● **Data extract**:
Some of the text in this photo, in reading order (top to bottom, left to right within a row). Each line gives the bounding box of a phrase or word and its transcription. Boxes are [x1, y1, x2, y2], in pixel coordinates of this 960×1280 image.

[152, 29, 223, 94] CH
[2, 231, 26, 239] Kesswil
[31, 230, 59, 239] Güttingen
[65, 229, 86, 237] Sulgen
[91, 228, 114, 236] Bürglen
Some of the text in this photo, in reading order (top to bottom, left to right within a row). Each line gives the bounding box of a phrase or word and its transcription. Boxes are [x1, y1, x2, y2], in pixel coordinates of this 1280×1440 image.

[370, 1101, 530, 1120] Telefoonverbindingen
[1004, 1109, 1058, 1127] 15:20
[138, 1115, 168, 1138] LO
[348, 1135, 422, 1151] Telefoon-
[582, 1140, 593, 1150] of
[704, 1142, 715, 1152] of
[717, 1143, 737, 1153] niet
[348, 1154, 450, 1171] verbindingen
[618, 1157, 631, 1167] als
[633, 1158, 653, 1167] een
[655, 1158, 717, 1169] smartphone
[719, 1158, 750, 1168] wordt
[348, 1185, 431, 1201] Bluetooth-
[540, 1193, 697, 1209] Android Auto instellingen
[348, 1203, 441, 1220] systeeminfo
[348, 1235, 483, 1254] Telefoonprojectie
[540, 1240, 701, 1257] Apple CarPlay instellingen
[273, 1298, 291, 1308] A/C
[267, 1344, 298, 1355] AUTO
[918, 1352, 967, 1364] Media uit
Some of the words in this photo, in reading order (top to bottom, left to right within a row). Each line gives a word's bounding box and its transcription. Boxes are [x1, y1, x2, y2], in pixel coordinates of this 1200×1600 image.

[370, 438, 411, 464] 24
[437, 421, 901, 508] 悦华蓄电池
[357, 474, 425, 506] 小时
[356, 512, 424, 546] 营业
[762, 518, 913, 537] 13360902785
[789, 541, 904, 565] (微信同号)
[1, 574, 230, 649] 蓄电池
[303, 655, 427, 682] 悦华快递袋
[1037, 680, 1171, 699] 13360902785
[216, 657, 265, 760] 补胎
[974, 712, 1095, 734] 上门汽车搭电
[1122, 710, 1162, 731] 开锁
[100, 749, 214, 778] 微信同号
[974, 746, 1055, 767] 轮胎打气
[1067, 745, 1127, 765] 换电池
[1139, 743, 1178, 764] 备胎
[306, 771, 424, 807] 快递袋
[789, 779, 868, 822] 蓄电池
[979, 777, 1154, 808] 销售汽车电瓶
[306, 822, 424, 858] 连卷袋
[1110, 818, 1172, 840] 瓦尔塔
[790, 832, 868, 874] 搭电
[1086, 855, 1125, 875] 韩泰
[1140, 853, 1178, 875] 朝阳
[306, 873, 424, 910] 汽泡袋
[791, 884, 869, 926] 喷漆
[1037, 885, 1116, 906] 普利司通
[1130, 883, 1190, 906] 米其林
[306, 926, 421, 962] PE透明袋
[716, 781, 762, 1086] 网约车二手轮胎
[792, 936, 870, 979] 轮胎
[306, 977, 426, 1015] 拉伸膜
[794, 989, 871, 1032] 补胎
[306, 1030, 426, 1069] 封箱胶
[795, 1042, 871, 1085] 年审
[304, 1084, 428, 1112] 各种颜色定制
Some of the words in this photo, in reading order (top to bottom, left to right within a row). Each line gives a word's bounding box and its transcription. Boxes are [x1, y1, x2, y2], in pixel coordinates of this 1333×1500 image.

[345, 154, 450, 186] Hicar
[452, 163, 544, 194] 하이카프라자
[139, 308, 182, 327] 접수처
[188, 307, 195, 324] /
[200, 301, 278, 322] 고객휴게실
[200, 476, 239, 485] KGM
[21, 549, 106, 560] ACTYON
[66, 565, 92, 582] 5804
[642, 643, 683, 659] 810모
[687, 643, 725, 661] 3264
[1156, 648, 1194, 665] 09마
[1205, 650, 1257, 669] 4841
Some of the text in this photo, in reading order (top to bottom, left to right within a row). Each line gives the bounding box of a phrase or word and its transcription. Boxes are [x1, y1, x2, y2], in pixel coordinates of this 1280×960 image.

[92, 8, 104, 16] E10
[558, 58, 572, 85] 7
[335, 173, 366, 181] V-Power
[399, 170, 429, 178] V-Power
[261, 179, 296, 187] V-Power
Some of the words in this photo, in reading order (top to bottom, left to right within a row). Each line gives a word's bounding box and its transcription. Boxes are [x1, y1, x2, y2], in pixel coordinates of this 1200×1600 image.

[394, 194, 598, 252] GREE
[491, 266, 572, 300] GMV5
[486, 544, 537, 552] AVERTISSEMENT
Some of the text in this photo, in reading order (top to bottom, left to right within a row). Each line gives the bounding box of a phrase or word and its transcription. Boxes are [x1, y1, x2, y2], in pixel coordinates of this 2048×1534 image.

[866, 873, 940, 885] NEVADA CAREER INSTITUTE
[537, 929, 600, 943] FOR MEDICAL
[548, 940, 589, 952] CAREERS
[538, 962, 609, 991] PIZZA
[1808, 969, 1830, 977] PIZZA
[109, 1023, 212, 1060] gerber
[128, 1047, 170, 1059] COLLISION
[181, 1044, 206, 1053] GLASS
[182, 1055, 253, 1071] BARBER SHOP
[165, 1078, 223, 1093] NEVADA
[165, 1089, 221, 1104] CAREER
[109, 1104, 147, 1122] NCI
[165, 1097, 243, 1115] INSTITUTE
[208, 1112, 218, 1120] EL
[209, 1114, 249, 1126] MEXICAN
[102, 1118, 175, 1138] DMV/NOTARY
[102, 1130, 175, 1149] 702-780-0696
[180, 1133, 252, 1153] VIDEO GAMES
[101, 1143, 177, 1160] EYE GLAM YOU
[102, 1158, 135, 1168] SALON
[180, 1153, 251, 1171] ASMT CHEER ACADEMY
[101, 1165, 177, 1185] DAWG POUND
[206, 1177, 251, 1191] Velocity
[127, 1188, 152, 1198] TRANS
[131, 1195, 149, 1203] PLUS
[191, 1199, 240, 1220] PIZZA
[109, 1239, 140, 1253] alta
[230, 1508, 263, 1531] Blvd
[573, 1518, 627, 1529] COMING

● **Directions for this task**:
Copy every record again, keeping each word unchanged.

● **Response for this exercise**:
Some of the text in this photo, in reading order (top to bottom, left to right within a row). Each line gives the bounding box of a phrase or word and its transcription. Boxes are [x1, y1, x2, y2], in pixel coordinates of this 960×1280 image.

[152, 29, 223, 94] CH
[2, 231, 26, 239] Kesswil
[31, 230, 59, 239] Güttingen
[65, 229, 86, 237] Sulgen
[91, 228, 114, 236] Bürglen
Some of the text in this photo, in reading order (top to bottom, left to right within a row). Each line gives the bounding box of a phrase or word and its transcription. Boxes are [x1, y1, x2, y2], in pixel coordinates of this 1280×1440 image.

[370, 1101, 530, 1120] Telefoonverbindingen
[1004, 1109, 1058, 1127] 15:20
[138, 1115, 168, 1138] LO
[348, 1135, 422, 1151] Telefoon-
[582, 1140, 593, 1150] of
[704, 1142, 715, 1152] of
[717, 1143, 737, 1153] niet
[348, 1154, 450, 1171] verbindingen
[618, 1157, 631, 1167] als
[633, 1158, 653, 1167] een
[655, 1158, 717, 1169] smartphone
[719, 1158, 750, 1168] wordt
[348, 1185, 431, 1201] Bluetooth-
[540, 1193, 697, 1209] Android Auto instellingen
[348, 1203, 441, 1220] systeeminfo
[348, 1235, 483, 1254] Telefoonprojectie
[540, 1240, 701, 1257] Apple CarPlay instellingen
[273, 1298, 291, 1308] A/C
[267, 1344, 298, 1355] AUTO
[918, 1352, 967, 1364] Media uit
Some of the words in this photo, in reading order (top to bottom, left to right within a row). Each line gives a word's bounding box and its transcription. Boxes are [x1, y1, x2, y2], in pixel coordinates of this 1200×1600 image.

[370, 438, 411, 464] 24
[437, 421, 901, 508] 悦华蓄电池
[357, 474, 425, 506] 小时
[356, 512, 424, 546] 营业
[762, 518, 913, 537] 13360902785
[789, 541, 904, 565] (微信同号)
[1, 574, 230, 649] 蓄电池
[303, 655, 427, 682] 悦华快递袋
[1037, 680, 1171, 699] 13360902785
[216, 657, 265, 760] 补胎
[974, 712, 1095, 734] 上门汽车搭电
[1122, 710, 1162, 731] 开锁
[100, 749, 214, 778] 微信同号
[974, 746, 1055, 767] 轮胎打气
[1067, 745, 1127, 765] 换电池
[1139, 743, 1178, 764] 备胎
[306, 771, 424, 807] 快递袋
[789, 779, 868, 822] 蓄电池
[979, 777, 1154, 808] 销售汽车电瓶
[306, 822, 424, 858] 连卷袋
[1110, 818, 1172, 840] 瓦尔塔
[790, 832, 868, 874] 搭电
[1086, 855, 1125, 875] 韩泰
[1140, 853, 1178, 875] 朝阳
[306, 873, 424, 910] 汽泡袋
[791, 884, 869, 926] 喷漆
[1037, 885, 1116, 906] 普利司通
[1130, 883, 1190, 906] 米其林
[306, 926, 421, 962] PE透明袋
[716, 781, 762, 1086] 网约车二手轮胎
[792, 936, 870, 979] 轮胎
[306, 977, 426, 1015] 拉伸膜
[794, 989, 871, 1032] 补胎
[306, 1030, 426, 1069] 封箱胶
[795, 1042, 871, 1085] 年审
[304, 1084, 428, 1112] 各种颜色定制
Some of the words in this photo, in reading order (top to bottom, left to right within a row). Each line gives a word's bounding box and its transcription. Boxes are [x1, y1, x2, y2], in pixel coordinates of this 1333×1500 image.

[345, 154, 450, 186] Hicar
[452, 163, 544, 194] 하이카프라자
[139, 308, 182, 327] 접수처
[188, 307, 195, 324] /
[200, 301, 278, 322] 고객휴게실
[200, 476, 239, 485] KGM
[21, 549, 106, 560] ACTYON
[66, 565, 92, 582] 5804
[642, 643, 683, 659] 810모
[687, 643, 725, 661] 3264
[1156, 648, 1194, 665] 09마
[1205, 650, 1257, 669] 4841
Some of the text in this photo, in reading order (top to bottom, left to right within a row). Each line gives the bounding box of a phrase or word and its transcription. Boxes are [x1, y1, x2, y2], in pixel coordinates of this 1280×960 image.

[92, 8, 104, 16] E10
[558, 58, 572, 85] 7
[335, 173, 366, 181] V-Power
[399, 170, 429, 178] V-Power
[261, 179, 296, 187] V-Power
Some of the words in this photo, in reading order (top to bottom, left to right within a row). Each line gives a word's bounding box and its transcription. Boxes are [x1, y1, x2, y2], in pixel coordinates of this 1200×1600 image.

[394, 194, 598, 252] GREE
[491, 266, 572, 300] GMV5
[486, 544, 537, 552] AVERTISSEMENT
Some of the text in this photo, in reading order (top to bottom, left to right within a row). Each line gives the bounding box of a phrase or word and its transcription. Boxes are [x1, y1, x2, y2], in pixel coordinates of this 2048×1534 image.

[866, 873, 940, 885] NEVADA CAREER INSTITUTE
[537, 929, 600, 943] FOR MEDICAL
[548, 940, 589, 952] CAREERS
[538, 962, 609, 991] PIZZA
[1808, 969, 1830, 977] PIZZA
[109, 1023, 212, 1060] gerber
[128, 1047, 170, 1059] COLLISION
[181, 1044, 206, 1053] GLASS
[182, 1055, 253, 1071] BARBER SHOP
[165, 1078, 223, 1093] NEVADA
[165, 1089, 221, 1104] CAREER
[109, 1104, 147, 1122] NCI
[165, 1097, 243, 1115] INSTITUTE
[208, 1112, 218, 1120] EL
[209, 1114, 249, 1126] MEXICAN
[102, 1118, 175, 1138] DMV/NOTARY
[102, 1130, 175, 1149] 702-780-0696
[180, 1133, 252, 1153] VIDEO GAMES
[101, 1143, 177, 1160] EYE GLAM YOU
[102, 1158, 135, 1168] SALON
[180, 1153, 251, 1171] ASMT CHEER ACADEMY
[101, 1165, 177, 1185] DAWG POUND
[206, 1177, 251, 1191] Velocity
[127, 1188, 152, 1198] TRANS
[131, 1195, 149, 1203] PLUS
[191, 1199, 240, 1220] PIZZA
[109, 1239, 140, 1253] alta
[230, 1508, 263, 1531] Blvd
[573, 1518, 627, 1529] COMING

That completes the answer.